### THE DATA

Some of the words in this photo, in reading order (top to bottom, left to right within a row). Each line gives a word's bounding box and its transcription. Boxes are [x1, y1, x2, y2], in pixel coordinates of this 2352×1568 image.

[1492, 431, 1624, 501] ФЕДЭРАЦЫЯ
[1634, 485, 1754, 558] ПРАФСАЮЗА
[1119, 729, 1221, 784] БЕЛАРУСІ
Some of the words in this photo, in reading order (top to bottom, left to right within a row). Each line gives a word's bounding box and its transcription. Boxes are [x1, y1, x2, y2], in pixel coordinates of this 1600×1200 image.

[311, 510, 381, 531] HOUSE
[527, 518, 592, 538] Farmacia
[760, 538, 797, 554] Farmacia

### ACTIVITY
Your reply should be a verbatim retyping of the lines from the one that holds "this 1600×1200 image." through the last line of the entries.

### RESULT
Some of the words in this photo, in reading order (top to bottom, left to right within a row). Each line gives a word's bounding box and its transcription. Boxes are [x1, y1, x2, y2], in pixel coordinates of this 1600×1200 image.

[311, 510, 381, 531] HOUSE
[527, 518, 592, 538] Farmacia
[760, 538, 797, 554] Farmacia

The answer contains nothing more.